As for why some of the instance snapshot records were missing (which is what caused the Instance snapshot record count doesn't match instance snapshot volume record count error) I don’t know how it got like that.

johnmaher · January 17, 2023, 3:57pm

All I can say is that I only used lxc snapshot [container] [snapshot] and lxc delete [container]/[snapshot] for manipulating snapshots. I do have a nightly script that uses these commands, so perhaps I failed to adjust it properly after the migration from 3 to 4 to 5. If I learn more, I’ll post it here.

johnmaher · January 19, 2023, 1:16pm

@tomp , I seem to have a lingering problem with one container. I first tried to copy a container (called redirected-sites) from one LXD host to another (after first deleting the container from the receiving host) and got this:

$ lxc delete redirected-sites
$ lxc copy remotehost:redirected-sites/now redirected-sites
Error: Failed instance creation: Error transferring instance data: Failed creating instance on target: Volume already exists on storage but not in database

This worked for the other containers in the past, so I checked using the same commands I used when we were figuring out the previous problem, and I got this:

$ mycontainer=redirected-sites

$ lxc info $mycontainer
Error: Instance not found

$ lxd sql global 'select * from storage_volumes' | grep "$mycontainer"

nothing

$ lxd sql global 'select storage_volumes.name, storage_volumes_snapshots.* from storage_volumes_snapshots join storage_volumes on storage_volumes_snapshots.storage_volume_id = storage_volumes.id' | grep "$mycontainer"

nothing

So, yes, there are no records of this instance in the databases, but there is a directory for that instance in /var/snap/lxd/common/lxd/storage-pools/default/containers/.

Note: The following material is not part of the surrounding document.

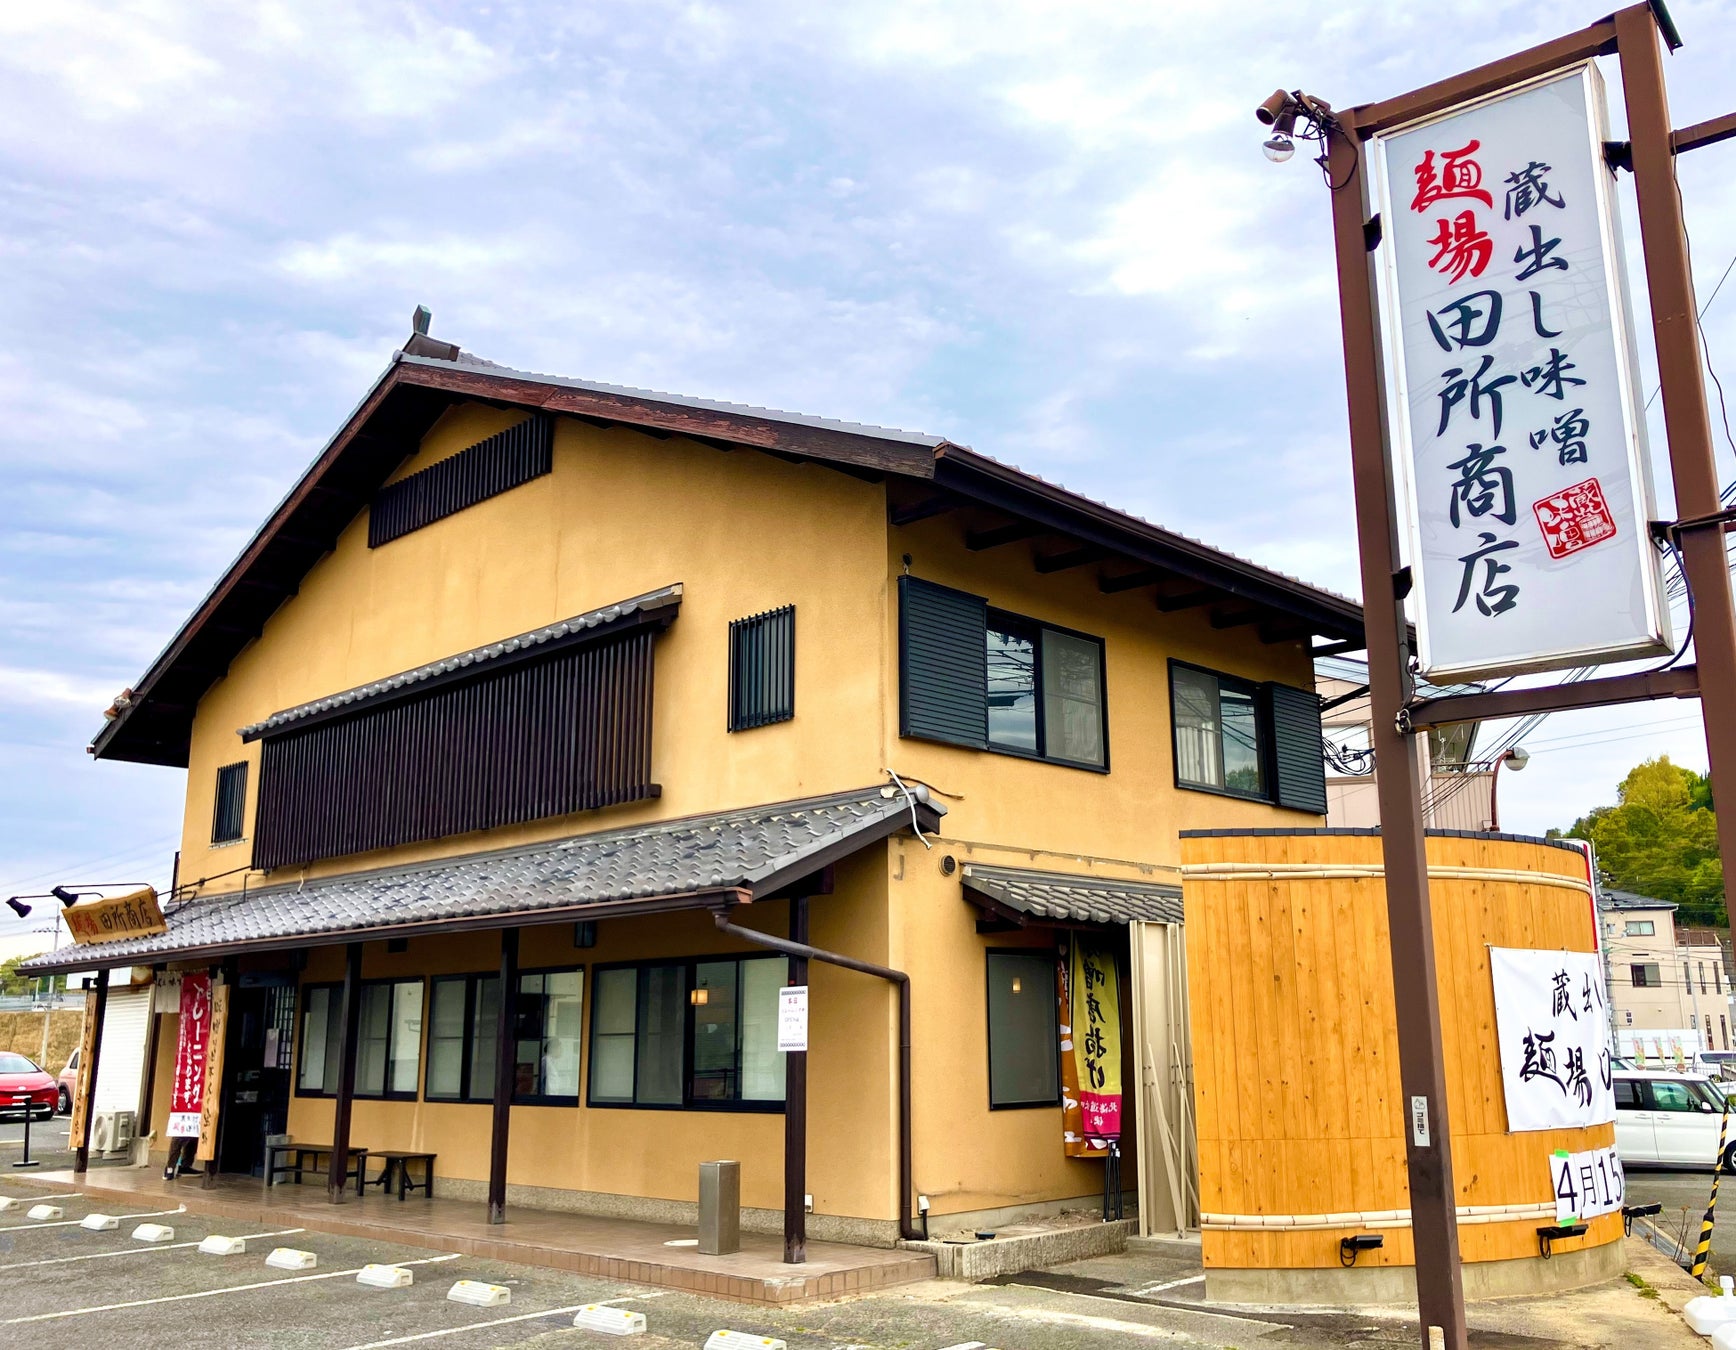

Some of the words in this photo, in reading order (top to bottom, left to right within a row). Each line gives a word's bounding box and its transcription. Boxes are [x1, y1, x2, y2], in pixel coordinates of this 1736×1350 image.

[1504, 161, 1590, 466] 蔵出し味噌
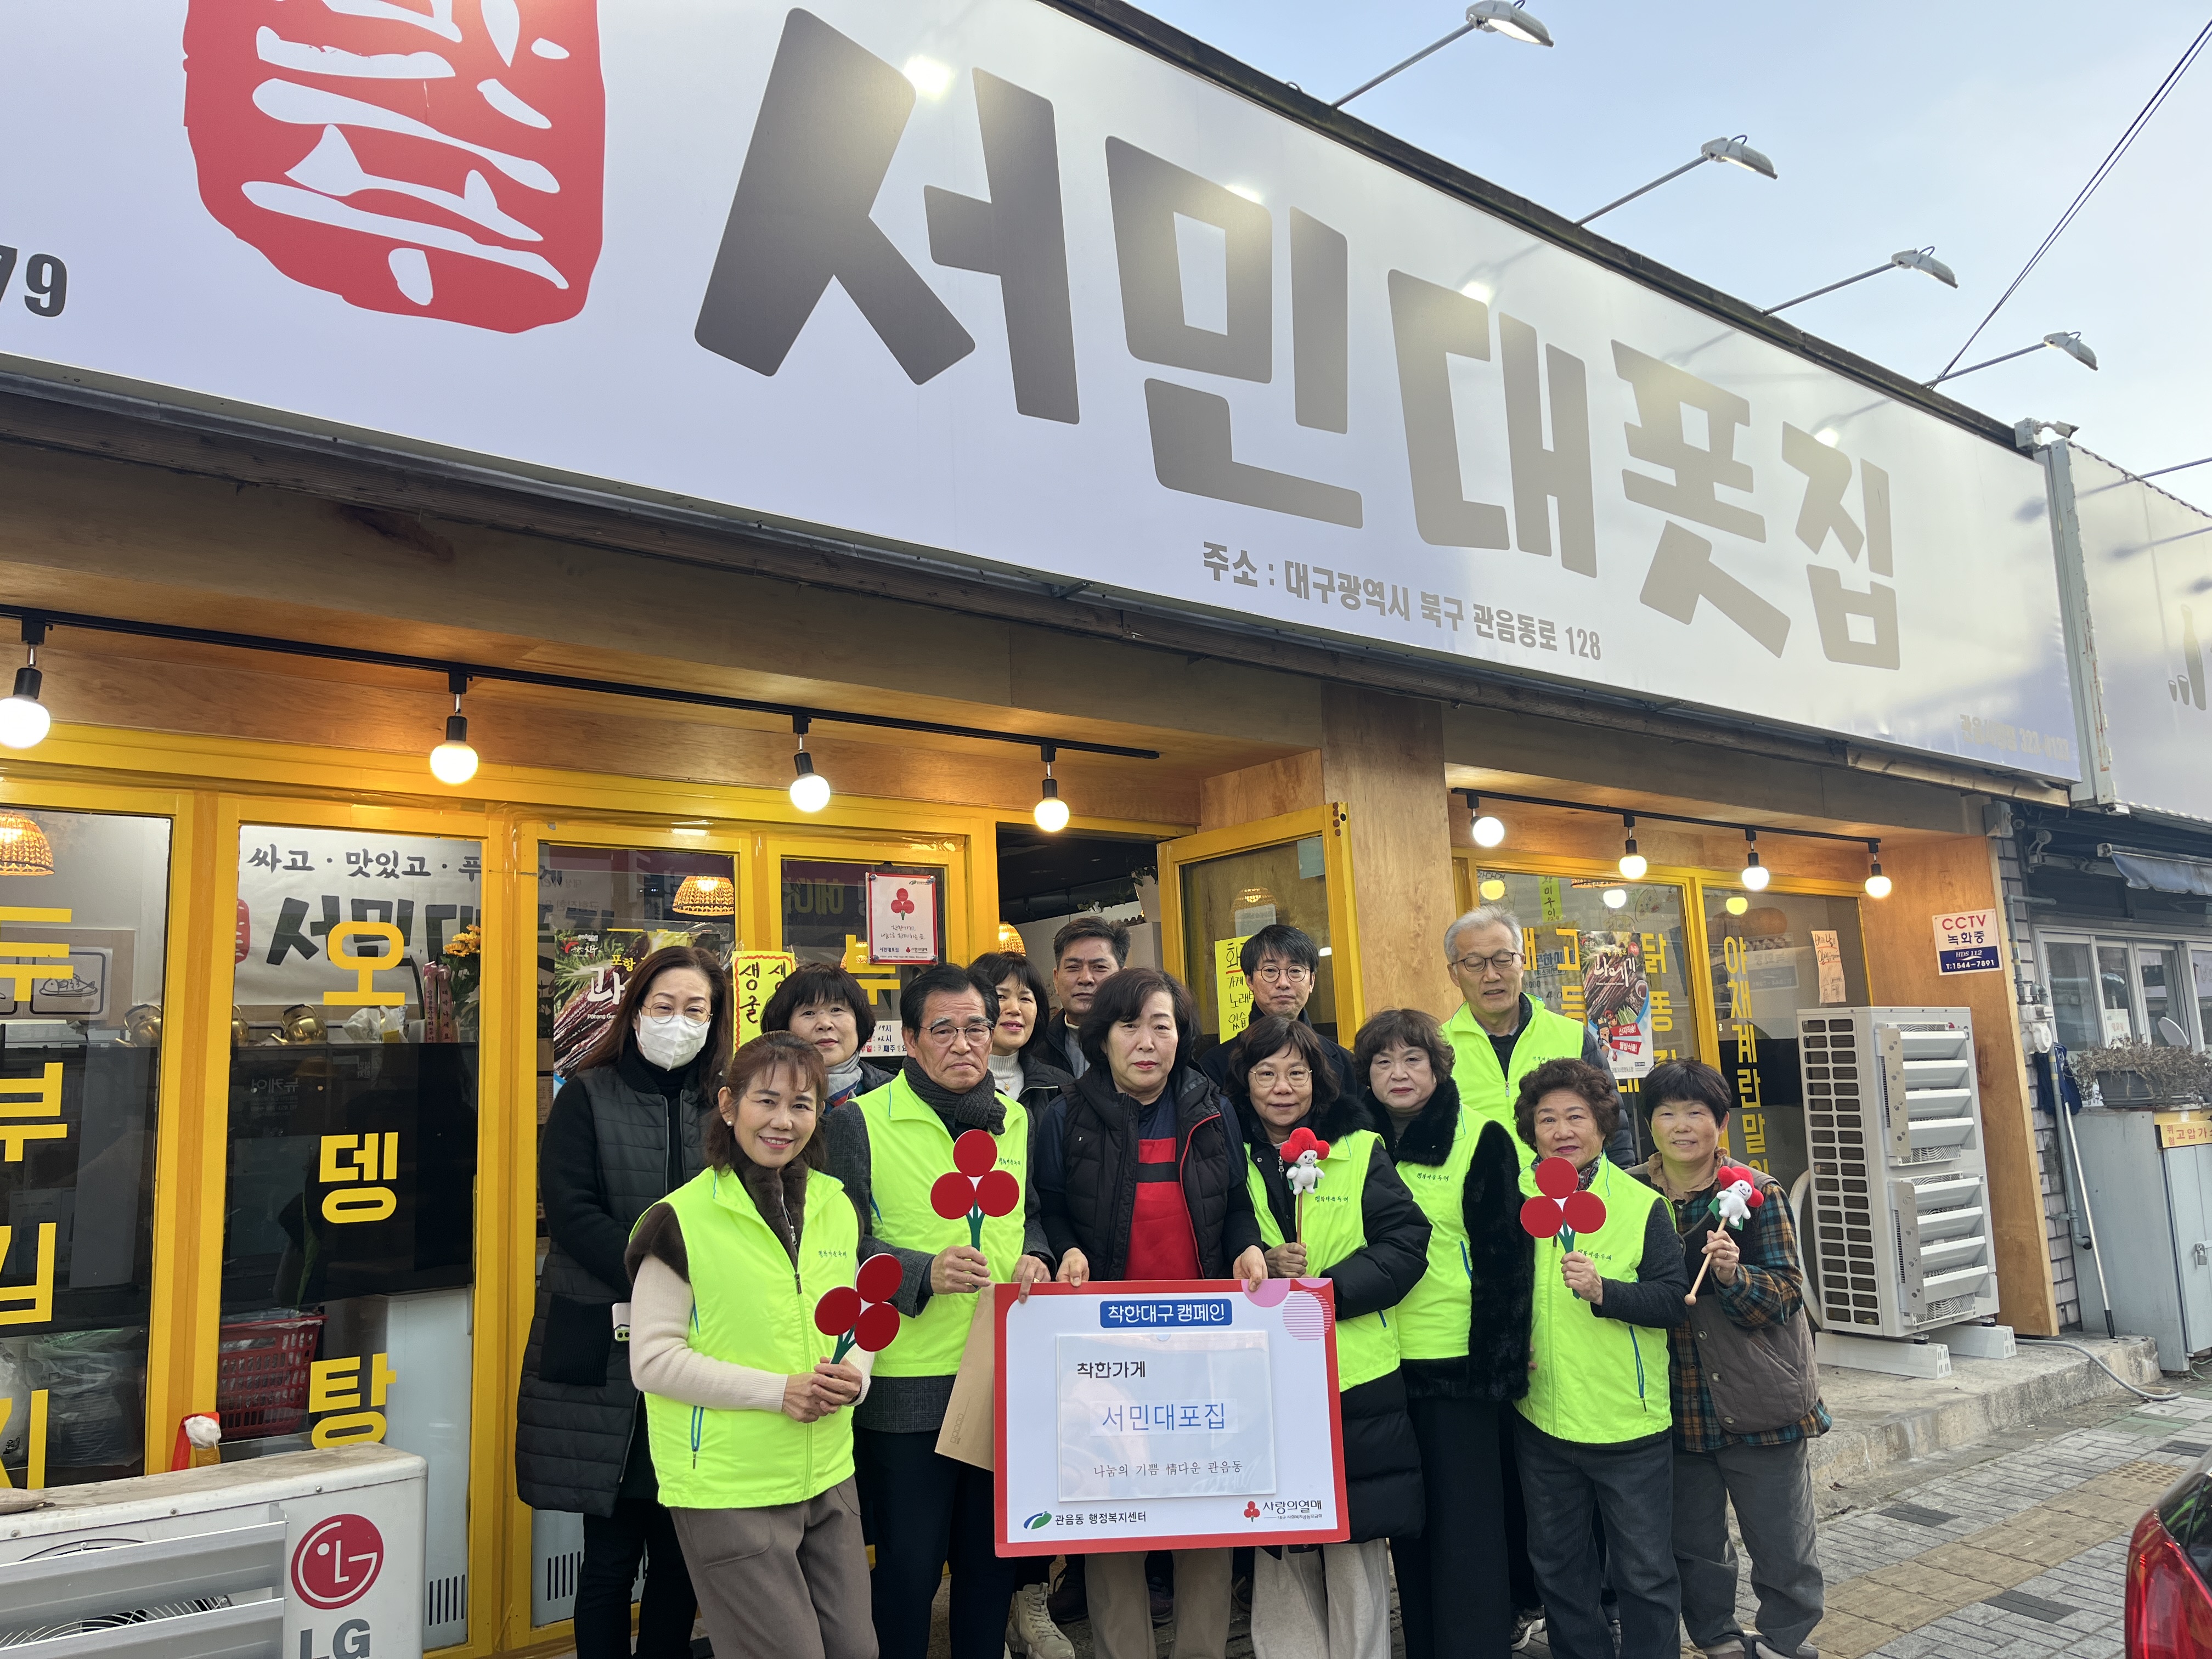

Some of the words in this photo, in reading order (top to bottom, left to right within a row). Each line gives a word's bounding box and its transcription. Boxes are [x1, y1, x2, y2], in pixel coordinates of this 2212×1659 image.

Can I simply delete that directory for that container?

Thanks.

tomp · January 19, 2023, 1:41pm

Yes that should be fine.

johnmaher · January 19, 2023, 1:56pm

Hmmm. How can I delete it?

# rm -rf redirected-sites/
rm: cannot remove 'redirected-sites/': Operation not permitted

I changed owner to root:root and chmod to 700. Won’t let go.

tomp · January 19, 2023, 1:59pm

Oh its BTRFS.

Try:

sudo btrfs subvolume delete <path>

johnmaher · January 19, 2023, 2:01pm

Wow! I have a lot to learn. Thanks, Thomas.